«Nessuno vuole vedere fotografie proiettate su uno schermo tv». Oggi questa frase suona strana, ma è la paradossale conclusione di una storia entrata negli annali del marketing come esempio da non imitare. Siamo nel 1973, Steven Sasson, un giovane ingegnere americano lavora presso la sede Kodak di Rochester (New York). Al ragazzo viene affidato un progetto marginale: il Ccd, un dispositivo che catturava la luce e la trasformava in un segnale elettrico. Sasson intende utilizzarlo come macchina fotografica visto che quello è il core business dell'azienda (le pellicole). Ma il segnale elettrico si disperde velocemente e così il ragazzo ha un'idea: digitalizzare gli impulsi, ossia trasformarli in sequenze binarie, memorizzarli su un dispositivo Ram (quello che abbiamo nei nostri pc e nei nostri smartphone) e poi ricomporli in immagini.
È così che Sasson inventò la prima fotocamera digitale della storia che in circa un minuto sviluppava foto in bianco e nero formato 100x100 pixel (una miniatura). I boss di Kodak pensarono che l'invenzione avrebbe sottratto mercato alle pellicole per la stampa tradizionale delle foto e pregarono Sasson di non diffondere la notizia. Quando negli anni '90 la fotografia digitale esplose, Kodak aveva perso il treno e quando nel 2007 Steve Jobs con l'iPhone rivoluzionò il mondo spazzò via non solo i concorrenti Nokia e Blackberry, ma anche Kodak. Le foto ormai si vedevano su uno schermo e si inviavano.
Ecco perché quello che è accaduto ieri negli States fa rumore solo per i nostalgici dei tempi che furono.
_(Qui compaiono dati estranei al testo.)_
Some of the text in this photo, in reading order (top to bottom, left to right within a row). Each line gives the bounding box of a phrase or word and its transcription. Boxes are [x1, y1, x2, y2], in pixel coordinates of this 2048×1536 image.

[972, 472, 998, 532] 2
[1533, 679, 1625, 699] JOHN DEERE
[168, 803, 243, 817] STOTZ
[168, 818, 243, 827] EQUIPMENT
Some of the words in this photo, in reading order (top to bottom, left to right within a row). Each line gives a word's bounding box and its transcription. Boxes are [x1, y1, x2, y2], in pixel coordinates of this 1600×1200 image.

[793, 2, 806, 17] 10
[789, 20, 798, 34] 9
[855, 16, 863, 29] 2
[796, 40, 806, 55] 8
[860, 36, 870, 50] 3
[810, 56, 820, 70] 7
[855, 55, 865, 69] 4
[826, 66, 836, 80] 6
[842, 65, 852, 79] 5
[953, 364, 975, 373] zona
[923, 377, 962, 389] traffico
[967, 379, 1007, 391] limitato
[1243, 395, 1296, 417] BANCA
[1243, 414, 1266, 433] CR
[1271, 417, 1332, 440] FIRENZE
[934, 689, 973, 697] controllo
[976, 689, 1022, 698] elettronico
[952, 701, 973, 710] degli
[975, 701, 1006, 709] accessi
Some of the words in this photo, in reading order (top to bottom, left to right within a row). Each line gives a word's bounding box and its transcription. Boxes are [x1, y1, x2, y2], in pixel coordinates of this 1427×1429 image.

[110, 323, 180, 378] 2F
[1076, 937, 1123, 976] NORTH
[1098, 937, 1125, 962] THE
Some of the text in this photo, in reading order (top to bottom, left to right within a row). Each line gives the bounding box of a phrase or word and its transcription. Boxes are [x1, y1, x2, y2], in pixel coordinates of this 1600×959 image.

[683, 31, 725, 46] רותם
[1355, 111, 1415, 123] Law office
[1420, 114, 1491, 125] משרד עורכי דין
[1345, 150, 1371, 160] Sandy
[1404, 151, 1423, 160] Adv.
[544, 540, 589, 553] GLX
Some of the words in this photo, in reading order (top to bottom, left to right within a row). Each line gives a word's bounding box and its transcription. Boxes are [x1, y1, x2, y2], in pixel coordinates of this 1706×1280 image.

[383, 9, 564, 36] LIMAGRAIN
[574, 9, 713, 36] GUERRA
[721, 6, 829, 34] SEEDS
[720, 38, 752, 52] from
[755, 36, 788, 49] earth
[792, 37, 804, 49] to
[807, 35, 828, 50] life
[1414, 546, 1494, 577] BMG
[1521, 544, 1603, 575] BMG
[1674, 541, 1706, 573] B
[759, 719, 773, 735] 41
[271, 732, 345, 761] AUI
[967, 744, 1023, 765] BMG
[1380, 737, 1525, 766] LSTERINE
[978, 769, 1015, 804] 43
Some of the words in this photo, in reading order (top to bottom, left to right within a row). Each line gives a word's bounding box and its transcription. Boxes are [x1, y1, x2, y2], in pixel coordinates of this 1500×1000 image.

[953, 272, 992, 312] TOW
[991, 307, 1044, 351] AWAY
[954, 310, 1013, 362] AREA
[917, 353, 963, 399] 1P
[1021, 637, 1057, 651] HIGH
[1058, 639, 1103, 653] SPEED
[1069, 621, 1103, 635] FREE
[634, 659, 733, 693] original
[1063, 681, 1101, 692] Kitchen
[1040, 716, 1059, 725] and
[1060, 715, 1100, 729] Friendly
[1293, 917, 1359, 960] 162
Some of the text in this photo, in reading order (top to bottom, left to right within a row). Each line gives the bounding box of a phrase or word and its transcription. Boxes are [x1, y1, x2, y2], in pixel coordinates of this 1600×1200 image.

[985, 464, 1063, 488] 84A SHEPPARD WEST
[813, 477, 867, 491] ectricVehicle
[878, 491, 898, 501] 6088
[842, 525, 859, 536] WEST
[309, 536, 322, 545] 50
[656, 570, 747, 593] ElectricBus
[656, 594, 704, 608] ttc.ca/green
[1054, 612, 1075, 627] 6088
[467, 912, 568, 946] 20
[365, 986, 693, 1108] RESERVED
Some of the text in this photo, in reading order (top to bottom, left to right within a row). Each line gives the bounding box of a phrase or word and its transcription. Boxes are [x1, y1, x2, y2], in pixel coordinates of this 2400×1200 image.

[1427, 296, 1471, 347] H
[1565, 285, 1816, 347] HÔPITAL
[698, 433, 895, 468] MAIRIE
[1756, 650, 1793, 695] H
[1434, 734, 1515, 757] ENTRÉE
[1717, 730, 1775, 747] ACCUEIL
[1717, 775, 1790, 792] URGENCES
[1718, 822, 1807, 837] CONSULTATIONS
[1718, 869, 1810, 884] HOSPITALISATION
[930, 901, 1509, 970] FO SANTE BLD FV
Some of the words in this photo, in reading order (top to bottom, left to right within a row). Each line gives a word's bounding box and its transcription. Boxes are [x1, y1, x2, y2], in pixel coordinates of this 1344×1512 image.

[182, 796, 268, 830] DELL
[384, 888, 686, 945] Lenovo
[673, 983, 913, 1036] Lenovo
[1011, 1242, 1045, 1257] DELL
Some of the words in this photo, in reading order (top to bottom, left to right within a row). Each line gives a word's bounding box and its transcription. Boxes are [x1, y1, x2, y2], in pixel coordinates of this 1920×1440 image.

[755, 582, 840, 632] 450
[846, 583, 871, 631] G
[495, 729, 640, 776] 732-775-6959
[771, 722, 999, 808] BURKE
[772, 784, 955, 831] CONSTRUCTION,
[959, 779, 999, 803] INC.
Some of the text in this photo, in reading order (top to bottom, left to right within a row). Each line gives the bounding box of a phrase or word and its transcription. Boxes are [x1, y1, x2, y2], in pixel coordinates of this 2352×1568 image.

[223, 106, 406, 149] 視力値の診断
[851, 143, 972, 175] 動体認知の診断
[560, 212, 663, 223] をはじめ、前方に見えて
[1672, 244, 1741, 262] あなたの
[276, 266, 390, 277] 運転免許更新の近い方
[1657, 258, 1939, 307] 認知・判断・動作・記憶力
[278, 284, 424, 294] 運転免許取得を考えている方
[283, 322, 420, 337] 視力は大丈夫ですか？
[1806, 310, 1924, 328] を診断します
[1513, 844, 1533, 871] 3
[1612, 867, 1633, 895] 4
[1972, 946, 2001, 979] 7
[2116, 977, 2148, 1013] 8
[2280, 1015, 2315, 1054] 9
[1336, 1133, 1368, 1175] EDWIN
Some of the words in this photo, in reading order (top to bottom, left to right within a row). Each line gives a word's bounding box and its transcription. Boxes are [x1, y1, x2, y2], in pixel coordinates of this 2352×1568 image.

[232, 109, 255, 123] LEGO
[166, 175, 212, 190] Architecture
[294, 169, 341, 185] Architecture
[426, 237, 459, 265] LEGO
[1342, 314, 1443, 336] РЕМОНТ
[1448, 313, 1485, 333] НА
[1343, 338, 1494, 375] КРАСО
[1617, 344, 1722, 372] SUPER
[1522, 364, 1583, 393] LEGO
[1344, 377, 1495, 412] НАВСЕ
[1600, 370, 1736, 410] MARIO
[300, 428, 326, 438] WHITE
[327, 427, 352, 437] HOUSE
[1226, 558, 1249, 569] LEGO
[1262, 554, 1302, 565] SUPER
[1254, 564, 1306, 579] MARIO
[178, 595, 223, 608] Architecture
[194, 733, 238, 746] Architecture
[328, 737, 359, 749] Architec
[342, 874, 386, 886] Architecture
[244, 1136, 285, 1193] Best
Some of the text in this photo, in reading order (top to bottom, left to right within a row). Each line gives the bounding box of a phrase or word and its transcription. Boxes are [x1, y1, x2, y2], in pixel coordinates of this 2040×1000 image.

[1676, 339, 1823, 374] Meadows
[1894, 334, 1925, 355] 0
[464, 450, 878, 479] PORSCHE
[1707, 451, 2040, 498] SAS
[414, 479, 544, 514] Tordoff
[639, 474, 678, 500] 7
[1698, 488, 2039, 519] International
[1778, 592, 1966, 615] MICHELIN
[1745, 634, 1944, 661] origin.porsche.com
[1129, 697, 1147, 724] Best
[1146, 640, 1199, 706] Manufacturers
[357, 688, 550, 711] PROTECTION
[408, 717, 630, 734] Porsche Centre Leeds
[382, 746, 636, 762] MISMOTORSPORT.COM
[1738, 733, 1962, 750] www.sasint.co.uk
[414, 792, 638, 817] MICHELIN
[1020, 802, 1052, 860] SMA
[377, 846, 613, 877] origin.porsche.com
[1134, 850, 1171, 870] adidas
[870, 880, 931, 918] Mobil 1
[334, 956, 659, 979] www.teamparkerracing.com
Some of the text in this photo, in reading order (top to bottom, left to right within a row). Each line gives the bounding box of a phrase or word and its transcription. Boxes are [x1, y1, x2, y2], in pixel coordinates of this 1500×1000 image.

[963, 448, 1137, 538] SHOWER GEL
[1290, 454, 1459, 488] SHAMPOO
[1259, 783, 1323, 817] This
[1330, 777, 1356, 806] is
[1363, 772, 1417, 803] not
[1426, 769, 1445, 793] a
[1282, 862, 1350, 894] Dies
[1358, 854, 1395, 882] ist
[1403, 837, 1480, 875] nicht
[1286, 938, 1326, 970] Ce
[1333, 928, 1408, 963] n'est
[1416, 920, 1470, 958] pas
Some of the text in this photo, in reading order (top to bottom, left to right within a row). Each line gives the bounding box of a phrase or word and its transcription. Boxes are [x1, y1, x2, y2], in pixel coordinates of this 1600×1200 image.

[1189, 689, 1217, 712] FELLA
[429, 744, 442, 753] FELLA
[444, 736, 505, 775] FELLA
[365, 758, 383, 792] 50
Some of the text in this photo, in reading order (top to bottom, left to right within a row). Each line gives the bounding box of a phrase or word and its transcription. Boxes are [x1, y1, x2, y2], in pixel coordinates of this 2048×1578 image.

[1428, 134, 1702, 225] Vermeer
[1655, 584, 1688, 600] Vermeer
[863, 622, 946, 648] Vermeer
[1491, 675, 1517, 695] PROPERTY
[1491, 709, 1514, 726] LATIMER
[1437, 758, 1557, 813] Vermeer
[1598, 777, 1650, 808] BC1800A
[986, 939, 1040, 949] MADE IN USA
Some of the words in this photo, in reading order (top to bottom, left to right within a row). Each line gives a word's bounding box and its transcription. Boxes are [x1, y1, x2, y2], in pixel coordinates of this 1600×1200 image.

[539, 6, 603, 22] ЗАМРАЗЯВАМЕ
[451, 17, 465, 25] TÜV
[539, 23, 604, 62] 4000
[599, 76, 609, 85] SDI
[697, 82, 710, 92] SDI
Kodak non ha mezzi sufficienti per onorare un finanziamento da 500 milioni di dollari e ha interrotto i pagamenti dei piani pensionistici dei dipendenti. «Ci sono dubbi sulla continuità aziendale», ha scritto la società nel report del trimestre che si è chiuso con una perdita di 26 milioni di dollari. Ma la Kodak di oggi non è quella nota a tutti fino alla Generazione X. La società americana ha conservato praticamente solo la produzione di pellicole cinematografiche del suo business originario, mentre il resto è dedicato alla stampa digitale e alle soluzioni per le imprese. Il gruppo stava cercando di entrare anche nella chimica farmaceutica. Ma è un percorso che richiede tempo e denaro.
E il tempo è scaduto nel lontano 2012 quando la società entrò in Chapter 11 (l'amministrazione controllata nel diritto Usa; ndr) sotto il peso di circa 7 miliardi di dollari di debiti. Fine delle macchine fotografiche analogiche e digitali e fine delle pellicole con la cessione dei brevetti o la loro concessione in licenza. Insomma, la storia era terminata da un pezzo.
Con sommo dispiacere di chi guardava con stupore ogni sera lo spot in stile Blade runner, girato da un maestro del cinema come Alessandro D'Alatri, in cui l'alieno utilizzava i suoi poteri telecinetici per spostare il rullino da sviluppare dal contenitore generico a quello della carta da stampa americana dicendo: «Ciribiribì Kodak». La crisi irreversibile era dietro l'angolo. Sono cose che possono accadere quando difetta la lungimiranza o l'umiltà. Perché, sì, la gente oggi vuole vedere le fotografie su uno schermo.